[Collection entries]
►

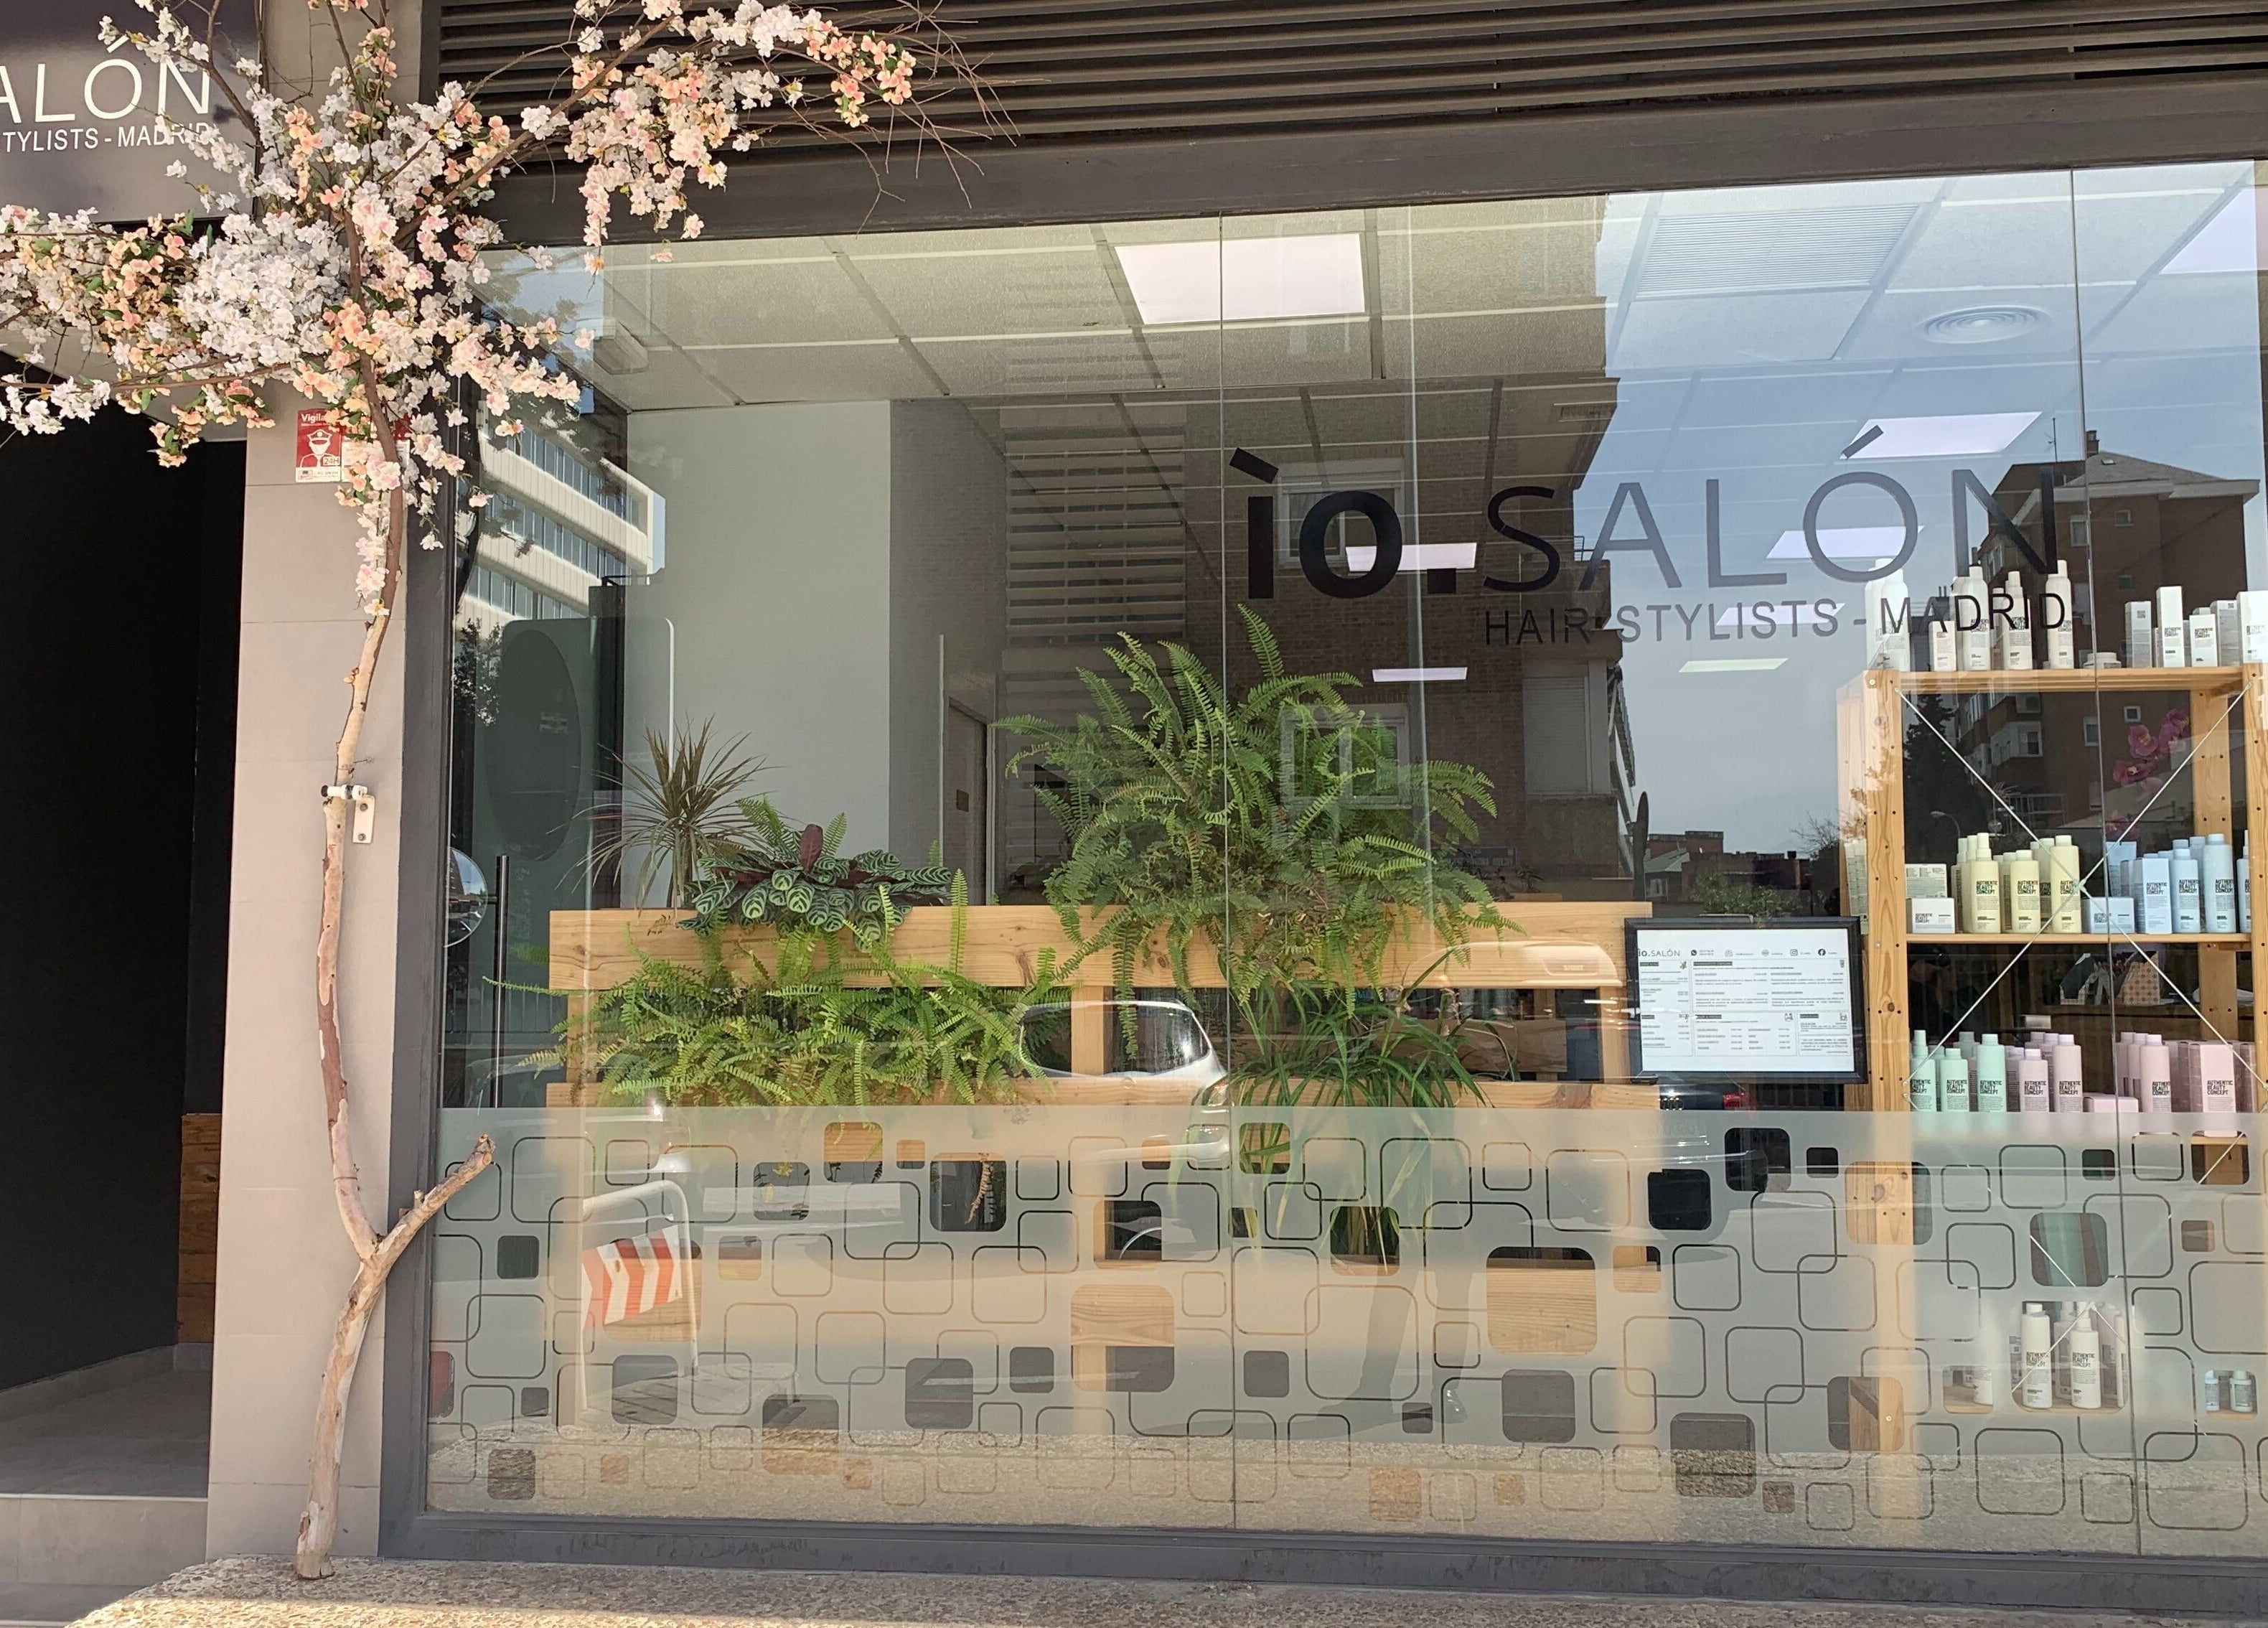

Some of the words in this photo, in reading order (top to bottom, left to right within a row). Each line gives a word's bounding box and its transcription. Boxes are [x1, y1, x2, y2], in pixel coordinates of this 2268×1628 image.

[3, 128, 98, 152] TYLISTS
[1485, 608, 1590, 645] HAIR
[1616, 598, 1838, 643] STYLISTS
[1880, 593, 2065, 635] MADRID

◄

**What is being asked:** Output each entry shown above exactly as it stands, with all pictures removed.

**Problem solution:**
Some of the words in this photo, in reading order (top to bottom, left to right within a row). Each line gives a word's bounding box and its transcription. Boxes are [x1, y1, x2, y2], in pixel coordinates of this 2268×1628 image.

[3, 128, 98, 152] TYLISTS
[1485, 608, 1590, 645] HAIR
[1616, 598, 1838, 643] STYLISTS
[1880, 593, 2065, 635] MADRID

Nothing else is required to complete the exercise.